W Masywie Śnieżnika jest za dużo świerków, które należy szybko przebudować na lasy liściaste. W przeciwnym razie w przyszłości woda będzie zrywać całe stoki z zamarłymi pniami. Dziś zbieramy owoce wieloletniej gospodarki leśnej w Sudetach – informuje Gazeta Wyborcza w rozmowie z prof. Krzysztofem Świerkoszem.
Ekspert poproszony o rozmowę pracuje na wydziale nauk biologicznych Uniwersytetu Wrocławskiego oraz jest także członkiem Państwowej Rady Ochrony Przyrody.
Profesor Świerkosz tłumaczy, że lasy powinny działać jak gąbka – wchłaniać maksymalne ilości wody i zatrzymywać ją tak długo, jak to możliwe.

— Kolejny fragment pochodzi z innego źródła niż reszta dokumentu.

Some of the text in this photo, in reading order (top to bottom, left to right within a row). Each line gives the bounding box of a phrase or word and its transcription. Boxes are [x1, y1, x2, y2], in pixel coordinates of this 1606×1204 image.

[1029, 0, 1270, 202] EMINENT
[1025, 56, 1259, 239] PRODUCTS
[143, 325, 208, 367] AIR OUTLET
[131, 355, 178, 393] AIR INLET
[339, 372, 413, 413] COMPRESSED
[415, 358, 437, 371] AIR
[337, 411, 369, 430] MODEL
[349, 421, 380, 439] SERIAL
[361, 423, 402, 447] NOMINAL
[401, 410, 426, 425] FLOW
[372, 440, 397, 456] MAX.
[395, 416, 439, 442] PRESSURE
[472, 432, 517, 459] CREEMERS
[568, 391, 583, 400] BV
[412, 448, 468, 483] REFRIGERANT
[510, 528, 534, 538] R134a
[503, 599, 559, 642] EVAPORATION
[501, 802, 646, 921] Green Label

Naukowiec zwraca uwagę, że lasy górskie pełnią „ogromną rolę retencyjną i są bardzo ważne”.
Ekspert radzi, że „najlepiej byłoby, gdybyśmy zostawili je w świętym spokoju, żeby nie pełniły one w pierwszym szeregu funkcji produkcji drewna, ale funkcję właśnie wodo- i glebochronną”.

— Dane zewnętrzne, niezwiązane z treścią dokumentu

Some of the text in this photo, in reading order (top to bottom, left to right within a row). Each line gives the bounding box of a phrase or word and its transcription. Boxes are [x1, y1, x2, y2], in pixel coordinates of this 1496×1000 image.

Prof. Świerkosz przypomina także, że w Beskidach i w Sudetach większość tych lasów to monokulturowe świerczyny z początku tego wieku, albo jeszcze starsze.
– Dziś one masowo zamierają i konieczna jest ich szybka przebudowa do lasów liściastych, które dopiero będą taką funkcję pełniły, ponieważ te monokultury świerkowe do tego się po prostu nie nadają – wyjaśnia naukowiec w GW.